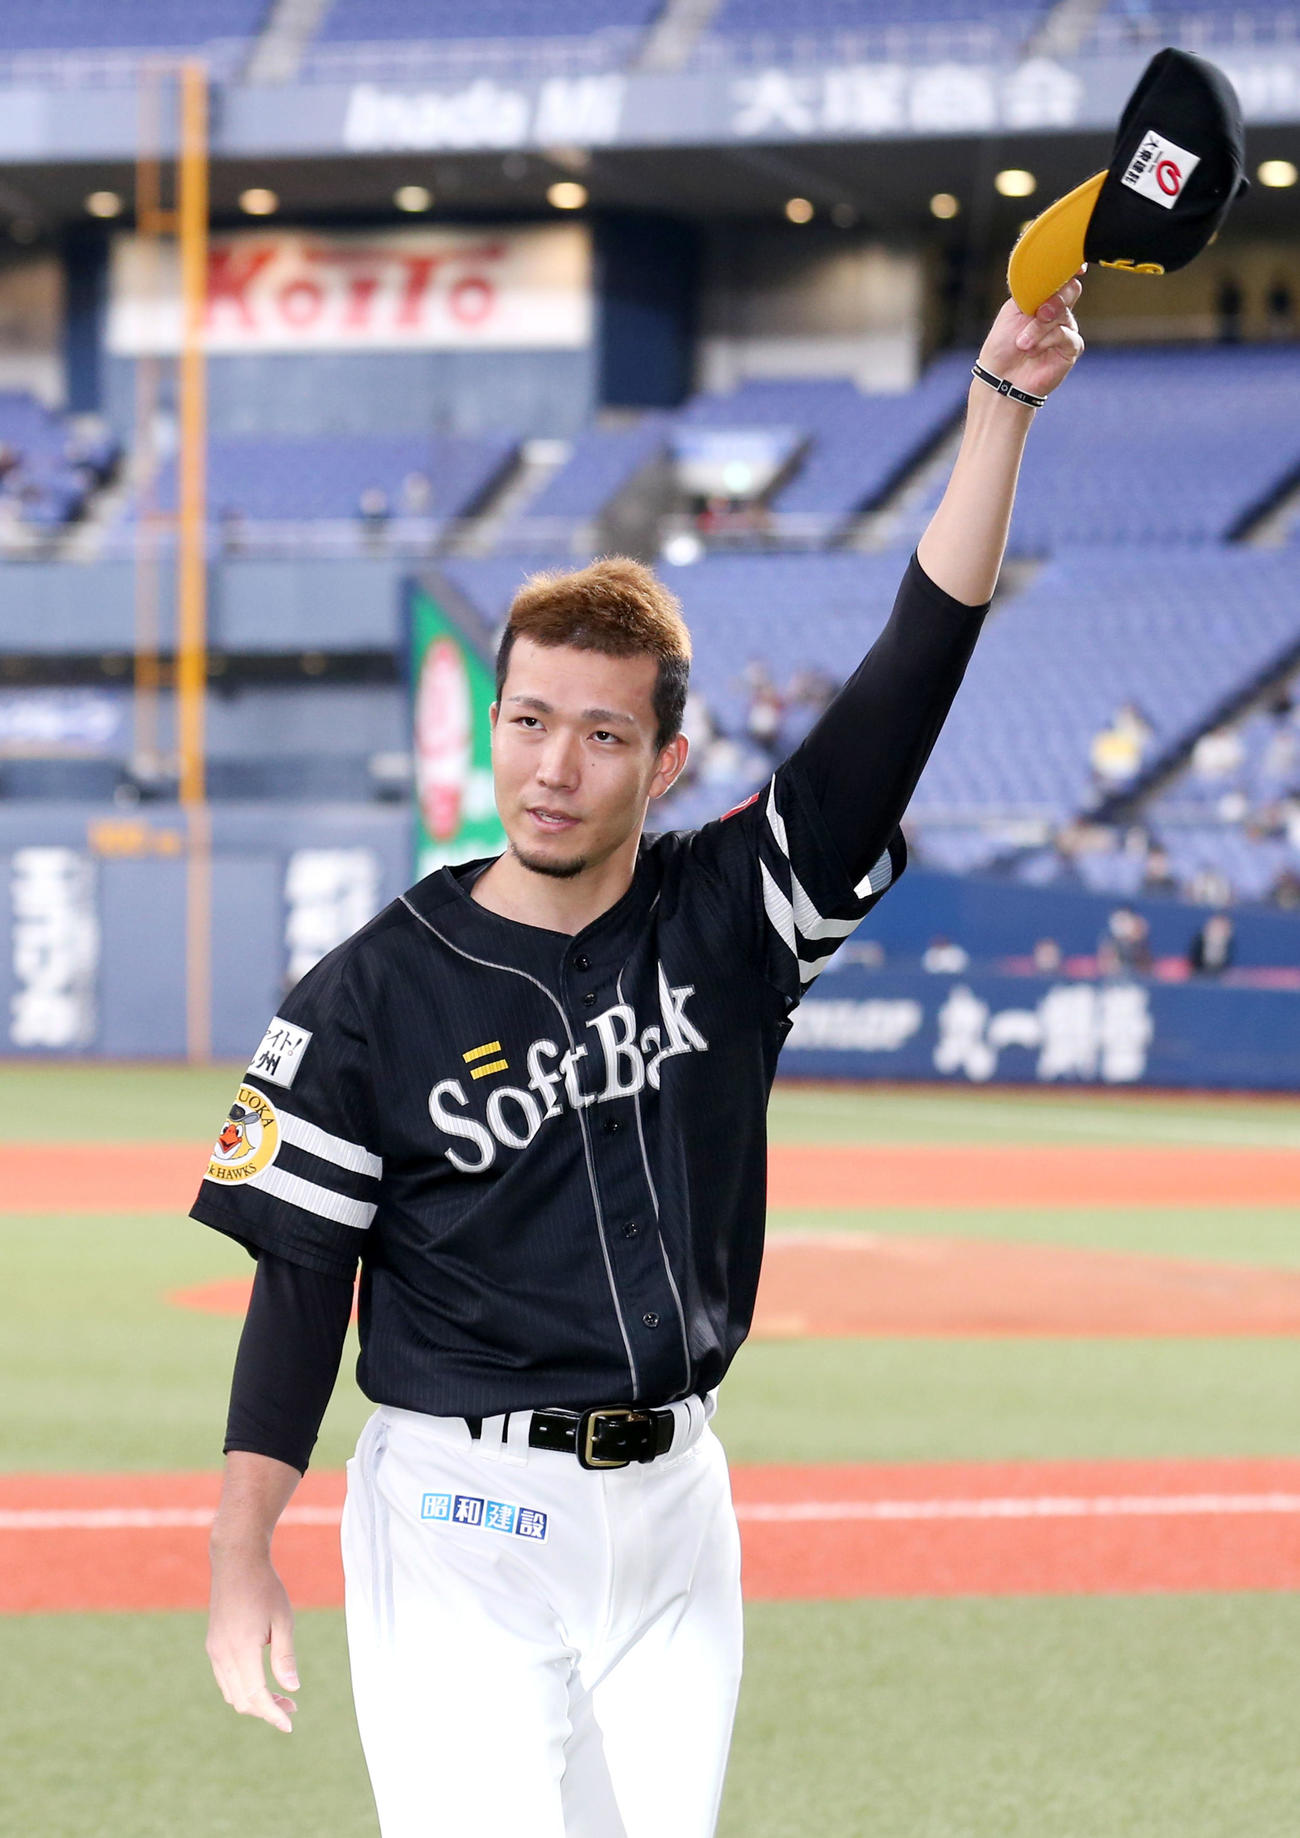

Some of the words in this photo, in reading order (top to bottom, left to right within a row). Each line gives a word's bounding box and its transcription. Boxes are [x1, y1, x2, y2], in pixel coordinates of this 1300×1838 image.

[265, 1029, 303, 1057] イト!
[250, 1049, 281, 1076] 州
[428, 958, 709, 1174] SoftBak
[216, 1162, 258, 1180] HAWKS
[423, 1494, 546, 1539] 昭和建設

◆ ◆ ◆

> Exercise directions: Write out the material above without changing a word, and skip any picture.

> Finished exercise:
Some of the words in this photo, in reading order (top to bottom, left to right within a row). Each line gives a word's bounding box and its transcription. Boxes are [x1, y1, x2, y2], in pixel coordinates of this 1300×1838 image.

[265, 1029, 303, 1057] イト!
[250, 1049, 281, 1076] 州
[428, 958, 709, 1174] SoftBak
[216, 1162, 258, 1180] HAWKS
[423, 1494, 546, 1539] 昭和建設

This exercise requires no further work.